Cohen shared that Relyvrio was designed based on a detailed reading into the pathways of cell death – in 2013.
“In the last decade, the field of cell death has grown tremendously and there are tons of new pathways, new biology, that could be pursued to develop new therapies targeting cell death,” he said.
Canter said he believes this is stage one in the fight against ALS.
“What we’re experiencing right now is something we have never seen in ALS,” he said. “Yes, we’ve had Riluzole and the Radacava, but I feel Amylyx is a little stronger and a little better treatment than that. It provides a little bit more.”
The Next Stage
As for the future, “We need to continue to invest in [the] basic neuroscience of ALS. This is critical particularly for the sporadic form of the illness,” Cudkowicz said.
She also pointed to the need for an earlier diagnosis. Currently, individuals are being diagnosed approximately 12 months after symptom onset.
“We need to move that needle…and even study what happens before symptom onset,” Cudkowicz said. “We have seen the impact of those types of studies in Parkinson’s disease and Alzheimer’s.”
Cohen and Klee offered the following advice to drug developers in the space.
“There are some amazing clinicians, doctors, patients and advocates out there,” Cohen said. “Get out there; talk to them, learn from them, because there are a lot of great ideas and great experience in how to be really thoughtful in designing and executing trials and developing drugs.”
Klee stressed the importance of getting experimental treatments into people.
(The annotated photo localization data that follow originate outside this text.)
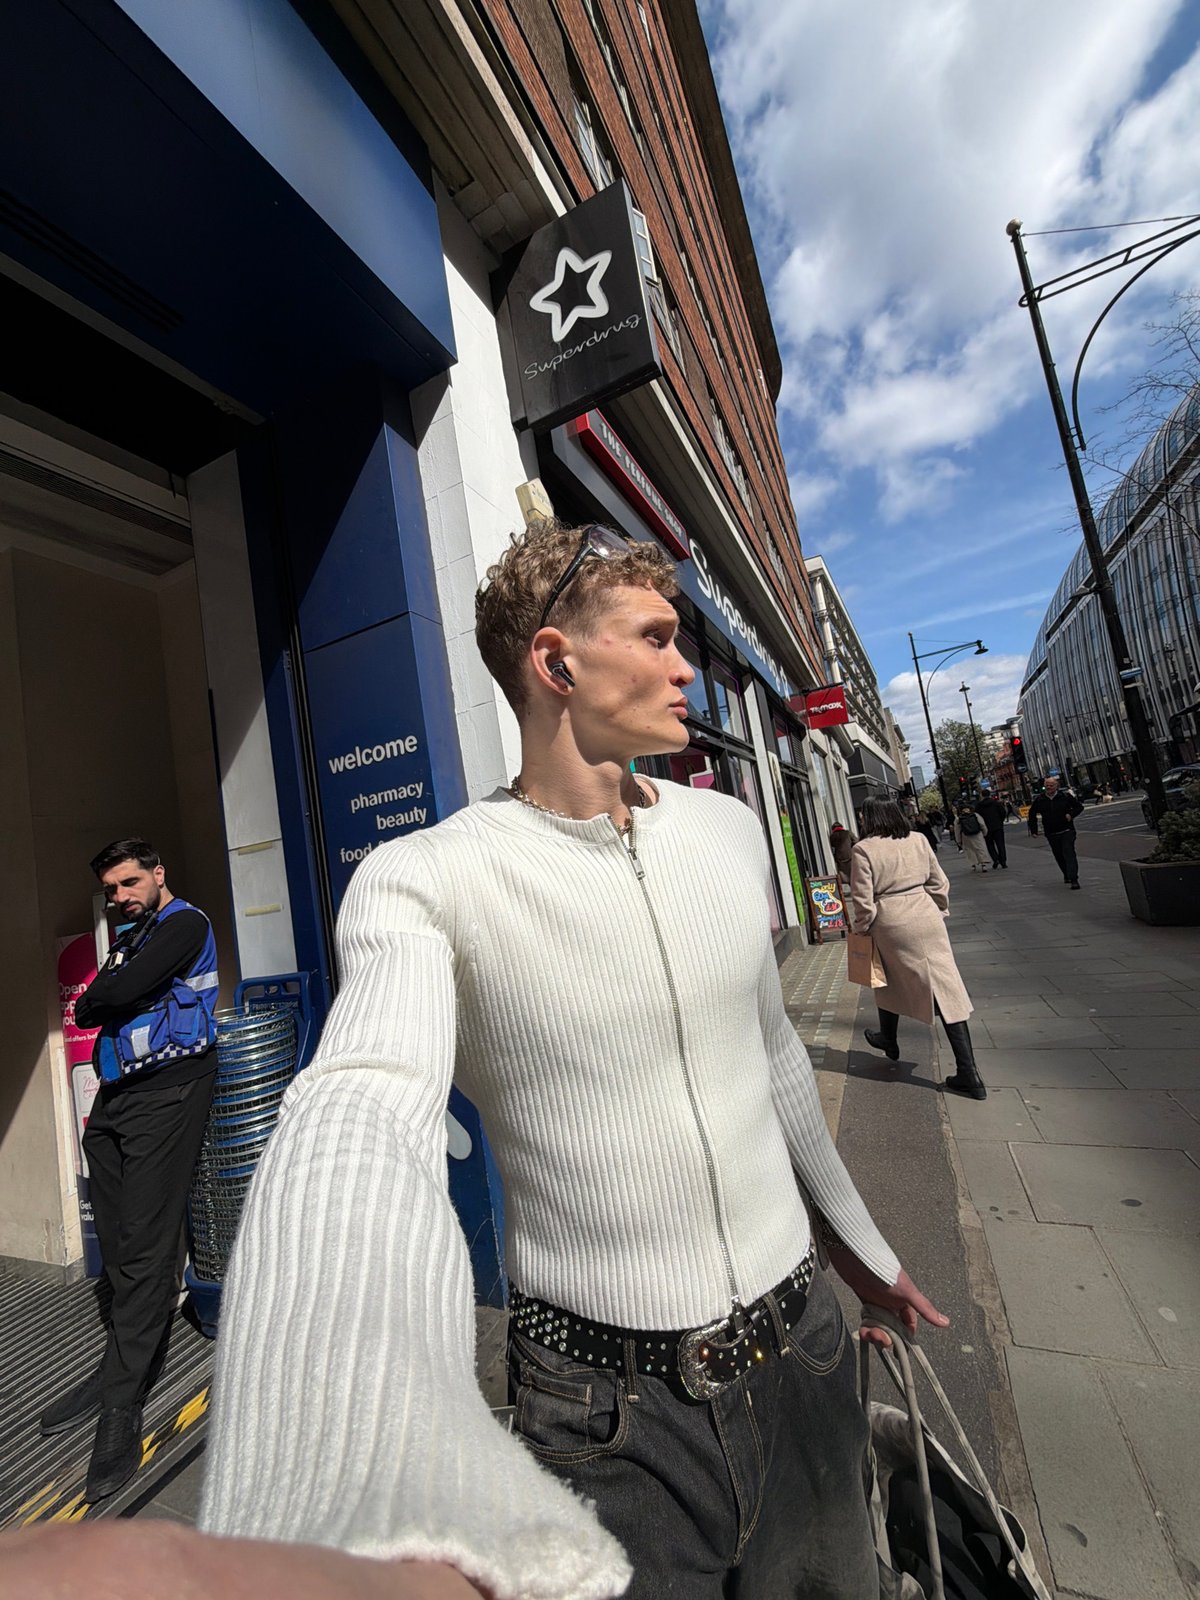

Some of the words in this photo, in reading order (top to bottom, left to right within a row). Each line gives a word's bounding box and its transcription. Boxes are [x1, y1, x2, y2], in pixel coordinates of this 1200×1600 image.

[524, 314, 642, 380] Superdrug
[600, 423, 621, 457] THE
[625, 455, 663, 511] PERFUME
[329, 735, 418, 774] welcome
[351, 782, 424, 813] pharmacy
[376, 806, 427, 830] beauty
[340, 841, 373, 863] food
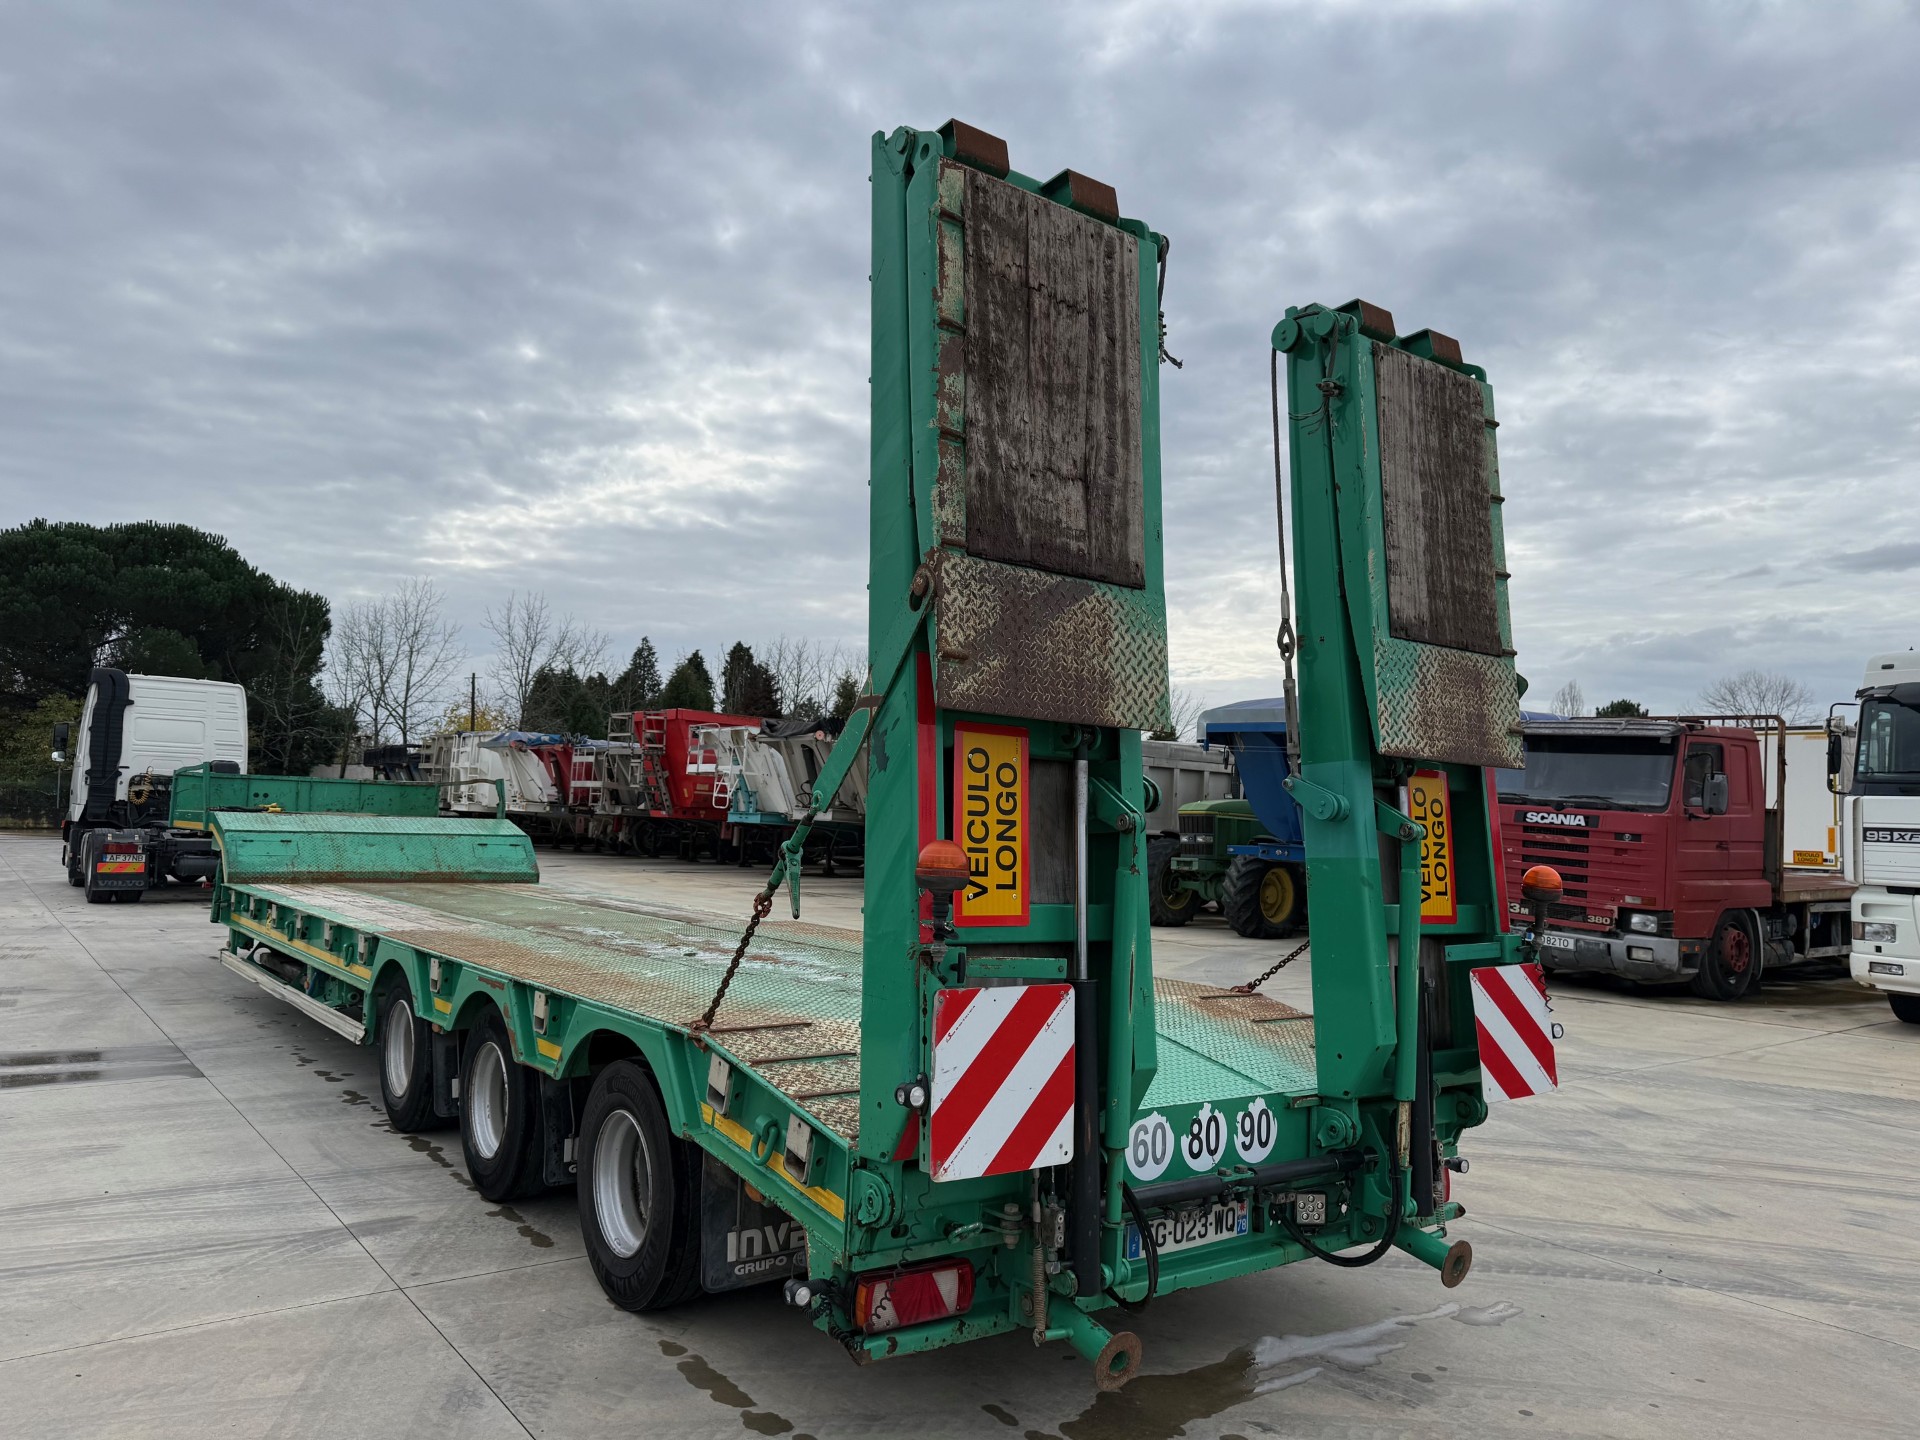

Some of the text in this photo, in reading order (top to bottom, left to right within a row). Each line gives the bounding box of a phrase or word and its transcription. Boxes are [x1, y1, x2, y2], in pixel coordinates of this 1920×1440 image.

“For so long, there was great science in ALS [but] there wasn’t the translation into clinical trials, and I think that’s started to change,” Klee added. “We have great preclinical models, but the real test of if this is going to be a treatment that can benefit people is to get it into clinical trials. That’s why we think things like the HEALEY platform trial are revolutionary.”